Professor & Head of Pharmacology · MGIMS

b. 4 February 1937, Nagpur   ·   d. 18 January 202, Nagpur

Tenure: 1971 – 1987

"His heart belonged to music," said Gajanan Ambulkar, "and we often wondered if he was a doctor or a celestial singer." He was both — and over time the two vocations became so intertwined that those who knew him could not easily say which was the larger part of him.

Professor & Head of Pharmacology · Sixteen Years at Sevagram · The Doctor Who Was Also a Celestial Singer

“Anybody with a bit of hard work and rote-learning could become an engineer or doctor,” Dr. M.D. Khapre said, “but music and singing could not be learnt this way. It required exceptional imagination, passion, and talent. I wanted to be a devoted Hindustani Classical vocalist in my adolescence but ended up being a doctor instead.”

He said this without bitterness. He had made peace with the compromise decades earlier, and the compromise had not been complete — music had remained present throughout his life in Sevagram, filling his home with mehfil sessions and bhajans, carrying him onto the stage of Dhanwate Rang Mandir in Nagpur in the early 1980s, resonating through cultural evenings at MGIMS where his baritone stopped whatever else was happening in a room. He was a doctor who taught pharmacology as though it were a performance art, and a musician who had chosen medicine as his profession, and over time the two vocations became so intertwined that those who knew him could not easily say which was the larger part of him.

Gajanan Ambulkar, who knew him for decades, remembered him simply: “His heart belonged to music, and we often wondered if he was a doctor or a celestial singer.”


Nagpur, the Mansion, and the Medical College

Madhav Dattatraya Khapre was born on February 4, 1937, in Nagpur, into a family of some standing — his father was a lawyer and landlord, their home a mansion called Khapre Wada on Pataleshwar Road in Badkas Chowk. He attended New English High School, a kilometre from home, and entered Government Medical College, Nagpur, in 1955.

The path to pharmacology came through proximity and character. Dr. Dashputre, the Head of Pharmacology at GMC, lived near the Khapre family. His influence drew Madhav toward the department for his MD. Under Dashputre, and alongside Dr. M.L. Sharma, Dr. V.R. Deshpande, and Dr. P.R. Kherdikar, he learned the discipline as both science and craft — understanding not just mechanism and dosage but the pedagogical challenge of making a subject that students feared into one they could inhabit with confidence.
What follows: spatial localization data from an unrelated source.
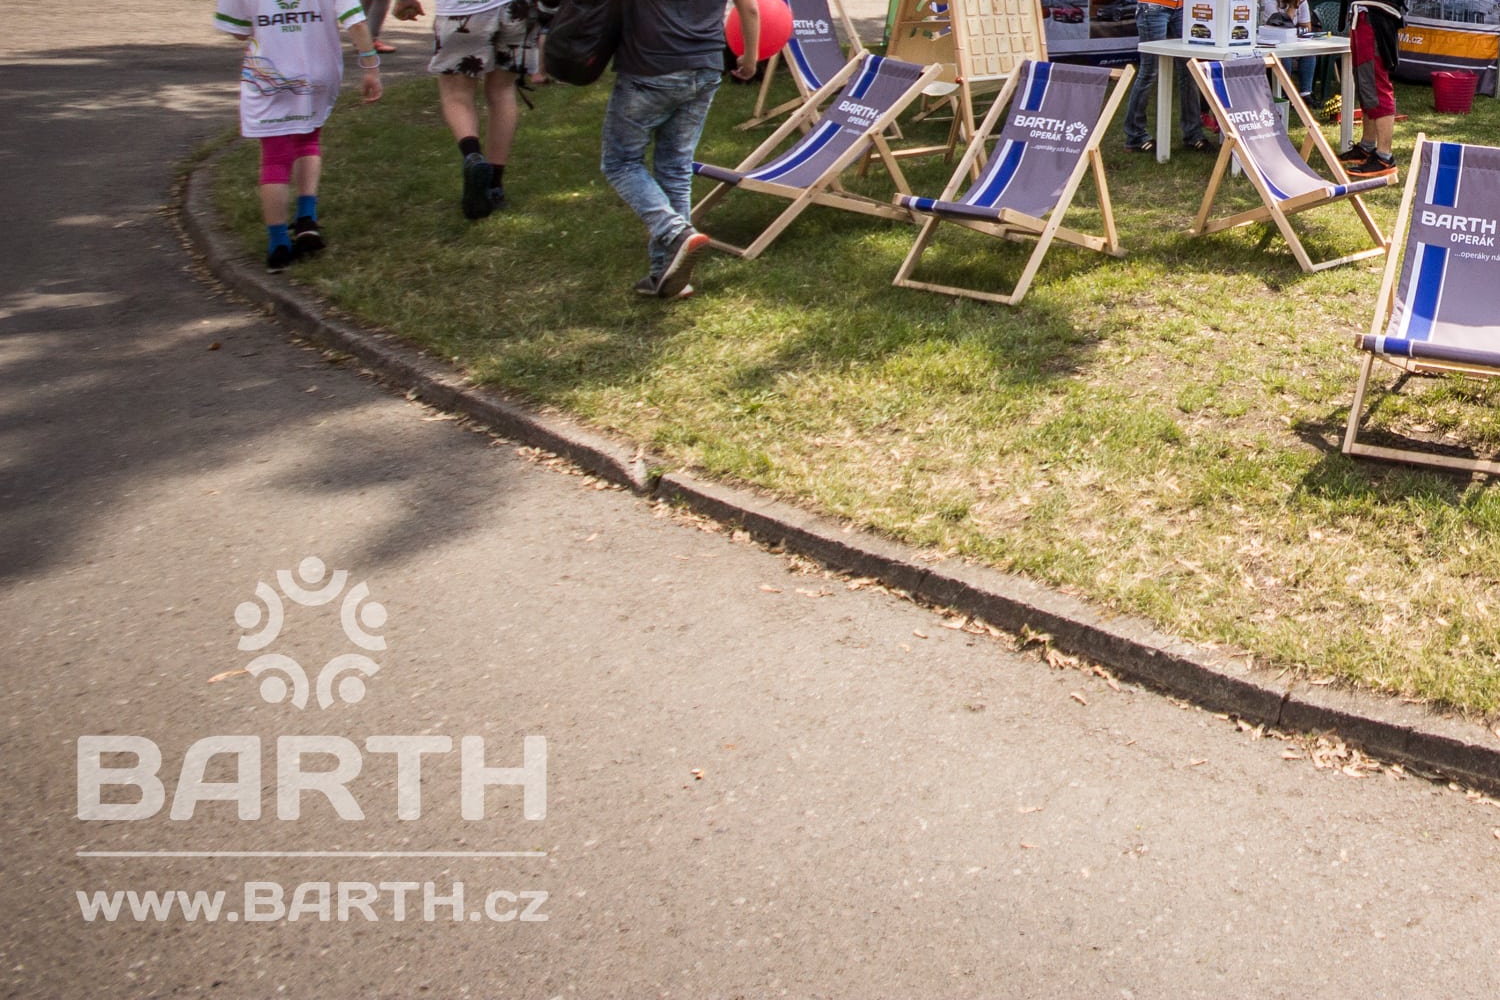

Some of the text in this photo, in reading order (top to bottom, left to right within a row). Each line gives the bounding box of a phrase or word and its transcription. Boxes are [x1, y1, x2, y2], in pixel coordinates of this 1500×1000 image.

[257, 11, 323, 27] BARTH
[792, 19, 814, 29] RTH
[281, 24, 302, 32] RUN
[838, 100, 879, 119] BARTH
[1013, 115, 1066, 131] BARTH
[1227, 110, 1259, 124] ARTH
[1030, 130, 1062, 141] OPERÁK
[1421, 210, 1497, 235] BARTH
[1450, 232, 1495, 247] OPERÁK
[1454, 250, 1490, 262] ...operáky
He began his career as an assistant medical officer at Mayo Hospital, Nagpur, then joined the GMC Pharmacology department as Lecturer in July 1967. In 1970, the Government of Maharashtra deputed him to MGIMS as Reader in Pharmacology. He arrived on February 21, 1971, joining Dr. M.L. Sharma, who had come the previous December. They were the entire department. Sharma was forty-one. Khapre was thirty-three. They had sixty first-year students before them and a great deal to build.


The Partnership

Dr. Sharma and Dr. Khapre were, by every account, complementary rather than interchangeable. Sharma was the senior figure — the Professor, the Principal, the institutional presence. Khapre brought a different register: lighter, more playful in manner, the music always visible beneath the surface, a warmth in the classroom that students felt immediately.

Together they established the culture of the Pharmacology department. Their lectures wove in humour without sacrificing rigour. They used jokes not as decoration but as delivery mechanisms — making a drug’s mechanism memorable by embedding it in a story, making an adverse effect stick by attaching it to something funny. Notes taken in their classes were passed down through successive batches as treasured documents, used long after the teachers themselves had moved on. During the 1980s, when textbooks by Satoskar from KEM Mumbai and K.D. Tripathy from MAMC Delhi became the standard references, Khapre’s classroom notes circulated alongside them as a parallel curriculum that students trusted more completely.

He understood the linguistic challenge his classroom presented — Marathi, Hindi, and Punjabi speakers, many with limited English fluency, confronting pharmacological terminology for the first time. He moved between English and Marathi during lectures with natural ease, not as a concession but as a genuine teaching decision, understanding that concepts needed to land in the language where the student actually thought. Students felt seen rather than accommodated.

“Pharmacology is like a puzzle,” he would say. “Each drug is a piece, and it’s our job to fit them together to create effective treatment plans for patients.”

He was promoted to Professor in 1977. He returned briefly to GMC Nagpur before resuming his MGIMS professorship in April 1980, teaching seven batches between 1978 and 1985. In 1988, after leaving Sevagram, he mentored Dr. S. John Premendran through a PhD thesis examining the impact of calcium, strontium, and barium on various muscle tissues and their interactions with calcium antagonists — pure pharmacological science that reflected how seriously he took the research dimension of his discipline.


The Musician in Sevagram

While completing his final MBBS years, he had explored Indian classical music under the tutelage of Pandit Annaji Kshirsagar, immersing himself in the teachings of the two legendary Vishnus — Pandit Vishnu Narayan Bhatkhande and Pandit Vishnu Digambar Paluskar. He did not confine himself to any single Gharana. He was devoted to Ustad Amir Khan’s style, and held deep reverence for Sant Gyaneshwar and Gulabrao Maharaj of Madhan, Vidarbha — a devotion that eventually produced an audio cassette of Maharaj’s bhajans that he pressed and distributed among friends and colleagues at his own cost, asking nothing in return.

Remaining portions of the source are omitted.